I am at my Grandma Ryan's cottage in Croton. However, instead of the small man-made pond that her cottage was actually located on, in this dream, the cottage was on the ocean instead. An ocean-going freighter was docked at the cottage. Bill was present in the dream, and he had previously arranged for passage to somewhere in Europe or Asia on this freighter. I had not planned to travel, but I had these two boxes that I needed to have delivered to somewhere in Europe or Asia (I can't remember exactly where). At first I was thinking that I could just have Bill take them and deliver them when he got there, but then I was thinking that maybe I could go along on the voyage, which would be pretty fun.

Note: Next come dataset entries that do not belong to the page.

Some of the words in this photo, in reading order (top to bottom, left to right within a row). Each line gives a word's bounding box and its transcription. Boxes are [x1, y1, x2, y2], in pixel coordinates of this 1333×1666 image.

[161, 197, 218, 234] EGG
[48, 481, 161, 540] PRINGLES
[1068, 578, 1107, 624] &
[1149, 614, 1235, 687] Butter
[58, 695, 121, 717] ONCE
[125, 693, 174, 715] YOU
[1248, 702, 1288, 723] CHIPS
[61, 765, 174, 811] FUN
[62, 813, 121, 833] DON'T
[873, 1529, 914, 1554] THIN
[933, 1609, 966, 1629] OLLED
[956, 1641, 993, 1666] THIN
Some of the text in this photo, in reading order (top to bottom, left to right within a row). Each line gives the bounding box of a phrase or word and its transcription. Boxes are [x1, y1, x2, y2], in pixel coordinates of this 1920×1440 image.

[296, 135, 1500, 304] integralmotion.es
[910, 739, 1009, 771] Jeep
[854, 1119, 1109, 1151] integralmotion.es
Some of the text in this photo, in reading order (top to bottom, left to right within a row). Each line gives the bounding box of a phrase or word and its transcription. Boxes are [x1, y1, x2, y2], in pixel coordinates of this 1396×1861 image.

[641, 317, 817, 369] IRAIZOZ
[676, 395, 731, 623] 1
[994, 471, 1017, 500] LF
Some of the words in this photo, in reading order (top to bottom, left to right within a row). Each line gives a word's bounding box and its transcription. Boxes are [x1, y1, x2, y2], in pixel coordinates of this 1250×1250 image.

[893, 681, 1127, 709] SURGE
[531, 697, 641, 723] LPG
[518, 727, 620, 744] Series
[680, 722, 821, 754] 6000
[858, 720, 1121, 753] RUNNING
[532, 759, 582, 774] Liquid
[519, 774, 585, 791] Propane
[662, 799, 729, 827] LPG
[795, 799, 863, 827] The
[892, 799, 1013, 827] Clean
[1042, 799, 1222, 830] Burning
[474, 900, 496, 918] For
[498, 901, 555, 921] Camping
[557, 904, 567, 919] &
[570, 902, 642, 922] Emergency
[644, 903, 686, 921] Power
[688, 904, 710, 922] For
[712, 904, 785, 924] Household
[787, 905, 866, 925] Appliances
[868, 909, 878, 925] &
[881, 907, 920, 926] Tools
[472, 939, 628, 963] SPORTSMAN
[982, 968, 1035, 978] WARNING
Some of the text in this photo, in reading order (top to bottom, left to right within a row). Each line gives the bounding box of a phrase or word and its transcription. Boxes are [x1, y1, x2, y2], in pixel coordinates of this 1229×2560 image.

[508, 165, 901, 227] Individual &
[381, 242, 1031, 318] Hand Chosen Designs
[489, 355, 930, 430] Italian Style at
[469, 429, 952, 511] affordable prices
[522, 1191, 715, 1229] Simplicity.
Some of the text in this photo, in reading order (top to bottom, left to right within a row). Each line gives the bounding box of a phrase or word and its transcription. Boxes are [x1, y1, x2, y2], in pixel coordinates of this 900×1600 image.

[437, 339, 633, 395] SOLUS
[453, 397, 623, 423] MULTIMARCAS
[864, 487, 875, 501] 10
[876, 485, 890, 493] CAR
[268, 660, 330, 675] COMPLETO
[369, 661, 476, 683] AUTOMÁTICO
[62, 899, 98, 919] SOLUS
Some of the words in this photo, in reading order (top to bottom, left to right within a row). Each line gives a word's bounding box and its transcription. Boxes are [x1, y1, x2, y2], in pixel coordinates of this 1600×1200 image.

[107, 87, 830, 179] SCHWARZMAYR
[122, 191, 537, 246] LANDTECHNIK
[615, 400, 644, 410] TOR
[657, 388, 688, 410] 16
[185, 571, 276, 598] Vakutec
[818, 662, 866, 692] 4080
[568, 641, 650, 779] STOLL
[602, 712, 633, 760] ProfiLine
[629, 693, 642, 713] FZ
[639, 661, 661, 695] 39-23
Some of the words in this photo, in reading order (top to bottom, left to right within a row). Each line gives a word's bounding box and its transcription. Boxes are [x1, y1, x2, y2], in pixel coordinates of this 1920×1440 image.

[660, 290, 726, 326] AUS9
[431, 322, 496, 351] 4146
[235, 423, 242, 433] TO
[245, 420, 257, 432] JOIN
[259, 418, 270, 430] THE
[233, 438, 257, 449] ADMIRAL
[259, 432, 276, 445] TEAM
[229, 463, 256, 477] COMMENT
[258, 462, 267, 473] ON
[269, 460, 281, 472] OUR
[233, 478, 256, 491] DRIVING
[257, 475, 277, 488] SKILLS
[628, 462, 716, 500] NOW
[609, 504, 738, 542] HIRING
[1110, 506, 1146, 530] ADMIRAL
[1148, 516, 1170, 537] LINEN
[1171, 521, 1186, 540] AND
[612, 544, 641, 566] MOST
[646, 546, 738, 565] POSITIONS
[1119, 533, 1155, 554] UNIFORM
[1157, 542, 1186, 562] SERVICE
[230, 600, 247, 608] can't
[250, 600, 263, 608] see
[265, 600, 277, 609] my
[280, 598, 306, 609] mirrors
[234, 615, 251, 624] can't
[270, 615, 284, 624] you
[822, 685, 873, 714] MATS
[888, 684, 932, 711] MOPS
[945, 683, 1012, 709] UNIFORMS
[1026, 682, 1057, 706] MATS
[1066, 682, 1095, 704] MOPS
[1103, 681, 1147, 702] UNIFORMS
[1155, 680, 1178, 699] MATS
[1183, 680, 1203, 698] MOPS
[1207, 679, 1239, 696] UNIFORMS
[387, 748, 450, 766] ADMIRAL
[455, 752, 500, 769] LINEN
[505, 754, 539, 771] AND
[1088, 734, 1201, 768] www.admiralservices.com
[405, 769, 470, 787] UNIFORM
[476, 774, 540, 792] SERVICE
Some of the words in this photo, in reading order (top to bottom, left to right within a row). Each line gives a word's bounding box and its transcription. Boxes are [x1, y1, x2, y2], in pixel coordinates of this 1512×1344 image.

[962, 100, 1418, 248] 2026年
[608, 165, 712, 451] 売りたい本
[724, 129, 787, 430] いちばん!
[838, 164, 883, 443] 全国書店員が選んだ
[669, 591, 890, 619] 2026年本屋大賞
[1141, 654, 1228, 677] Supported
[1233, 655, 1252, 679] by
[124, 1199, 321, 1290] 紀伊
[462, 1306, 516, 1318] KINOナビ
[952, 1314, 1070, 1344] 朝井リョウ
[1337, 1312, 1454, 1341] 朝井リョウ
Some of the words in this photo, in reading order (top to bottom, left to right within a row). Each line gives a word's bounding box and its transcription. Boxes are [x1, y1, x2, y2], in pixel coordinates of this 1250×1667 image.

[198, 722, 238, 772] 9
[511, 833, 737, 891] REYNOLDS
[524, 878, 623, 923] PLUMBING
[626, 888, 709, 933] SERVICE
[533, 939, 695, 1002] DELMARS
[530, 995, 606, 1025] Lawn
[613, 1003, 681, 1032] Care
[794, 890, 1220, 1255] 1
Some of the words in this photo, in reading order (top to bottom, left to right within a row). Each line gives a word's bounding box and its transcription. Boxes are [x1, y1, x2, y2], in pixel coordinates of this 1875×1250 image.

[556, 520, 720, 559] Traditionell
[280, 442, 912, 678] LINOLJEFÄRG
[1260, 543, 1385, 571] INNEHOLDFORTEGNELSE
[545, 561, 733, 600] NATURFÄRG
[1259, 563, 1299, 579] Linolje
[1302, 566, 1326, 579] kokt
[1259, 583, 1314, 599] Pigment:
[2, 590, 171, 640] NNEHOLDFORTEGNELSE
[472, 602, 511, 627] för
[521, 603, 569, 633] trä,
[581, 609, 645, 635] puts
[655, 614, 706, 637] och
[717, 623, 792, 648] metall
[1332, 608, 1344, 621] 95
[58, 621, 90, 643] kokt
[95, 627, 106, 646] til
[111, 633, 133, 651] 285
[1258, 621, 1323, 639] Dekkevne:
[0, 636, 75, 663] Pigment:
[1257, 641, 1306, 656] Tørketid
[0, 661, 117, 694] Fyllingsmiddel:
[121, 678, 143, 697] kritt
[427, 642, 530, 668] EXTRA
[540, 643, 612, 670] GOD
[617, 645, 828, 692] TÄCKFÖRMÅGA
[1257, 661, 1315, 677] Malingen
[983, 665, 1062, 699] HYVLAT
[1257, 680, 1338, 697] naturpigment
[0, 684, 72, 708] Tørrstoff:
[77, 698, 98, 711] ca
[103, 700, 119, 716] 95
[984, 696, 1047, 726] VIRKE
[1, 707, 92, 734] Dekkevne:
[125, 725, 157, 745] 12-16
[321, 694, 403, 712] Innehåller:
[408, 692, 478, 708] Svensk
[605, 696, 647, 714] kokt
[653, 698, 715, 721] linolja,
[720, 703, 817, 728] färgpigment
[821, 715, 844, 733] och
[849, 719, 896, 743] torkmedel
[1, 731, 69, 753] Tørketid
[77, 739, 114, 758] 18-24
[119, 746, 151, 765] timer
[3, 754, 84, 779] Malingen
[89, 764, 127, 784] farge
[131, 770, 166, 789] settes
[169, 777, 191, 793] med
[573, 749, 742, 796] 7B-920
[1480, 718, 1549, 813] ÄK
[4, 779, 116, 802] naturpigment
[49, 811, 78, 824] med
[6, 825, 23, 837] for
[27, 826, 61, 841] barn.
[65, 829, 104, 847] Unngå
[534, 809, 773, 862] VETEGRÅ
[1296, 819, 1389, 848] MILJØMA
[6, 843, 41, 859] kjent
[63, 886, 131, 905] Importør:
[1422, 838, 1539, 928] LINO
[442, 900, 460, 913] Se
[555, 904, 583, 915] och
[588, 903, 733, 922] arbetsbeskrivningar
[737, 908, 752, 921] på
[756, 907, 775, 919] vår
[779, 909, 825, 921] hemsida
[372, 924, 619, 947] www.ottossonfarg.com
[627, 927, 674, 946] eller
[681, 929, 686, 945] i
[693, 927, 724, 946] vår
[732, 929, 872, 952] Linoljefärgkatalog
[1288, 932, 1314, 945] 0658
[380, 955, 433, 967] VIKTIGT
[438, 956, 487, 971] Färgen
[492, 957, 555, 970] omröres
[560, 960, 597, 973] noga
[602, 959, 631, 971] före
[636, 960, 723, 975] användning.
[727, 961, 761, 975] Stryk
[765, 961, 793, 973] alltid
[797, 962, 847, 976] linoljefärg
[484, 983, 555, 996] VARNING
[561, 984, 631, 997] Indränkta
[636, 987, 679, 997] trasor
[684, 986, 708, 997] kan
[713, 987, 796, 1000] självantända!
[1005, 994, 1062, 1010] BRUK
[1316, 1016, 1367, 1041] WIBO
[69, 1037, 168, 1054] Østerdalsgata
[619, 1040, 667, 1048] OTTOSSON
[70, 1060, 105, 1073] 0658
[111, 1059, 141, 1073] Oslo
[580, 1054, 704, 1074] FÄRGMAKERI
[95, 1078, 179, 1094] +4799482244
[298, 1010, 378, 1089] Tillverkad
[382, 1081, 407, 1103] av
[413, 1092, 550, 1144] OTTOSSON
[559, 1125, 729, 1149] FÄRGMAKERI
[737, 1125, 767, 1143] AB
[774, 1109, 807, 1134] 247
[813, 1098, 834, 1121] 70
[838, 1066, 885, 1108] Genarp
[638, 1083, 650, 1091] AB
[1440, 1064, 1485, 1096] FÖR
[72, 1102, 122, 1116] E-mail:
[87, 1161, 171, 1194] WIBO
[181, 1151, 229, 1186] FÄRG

After all, you don't get the chance to cruise around the world on a freight ship every day. So I ask the Captain of the freighter (who has an accent precisely like that of Toby Esterhazy from the BBC's productions of Tinker, Tailor, Soldier, Spy and Smiley's People, except with somewhat less of a command of the English language) if passage on his ship could be had and if so, how much it would cost. "Sure," he answered, "$14.95". This sounded like a good deal, so I asked when the ship was leaving. "12:30", he said. I looked at my cell phone; it was currently about a quarter after twelve. I asked when the ship would be returning. "The twenty-seventh of March," he answered. This seemed like a lot of school to miss right in the middle of the semester, but "what the heck", I thought, and decided to go. I was about to pay the Captain my $14.95 and board the ship with my two boxes, but then I woke up.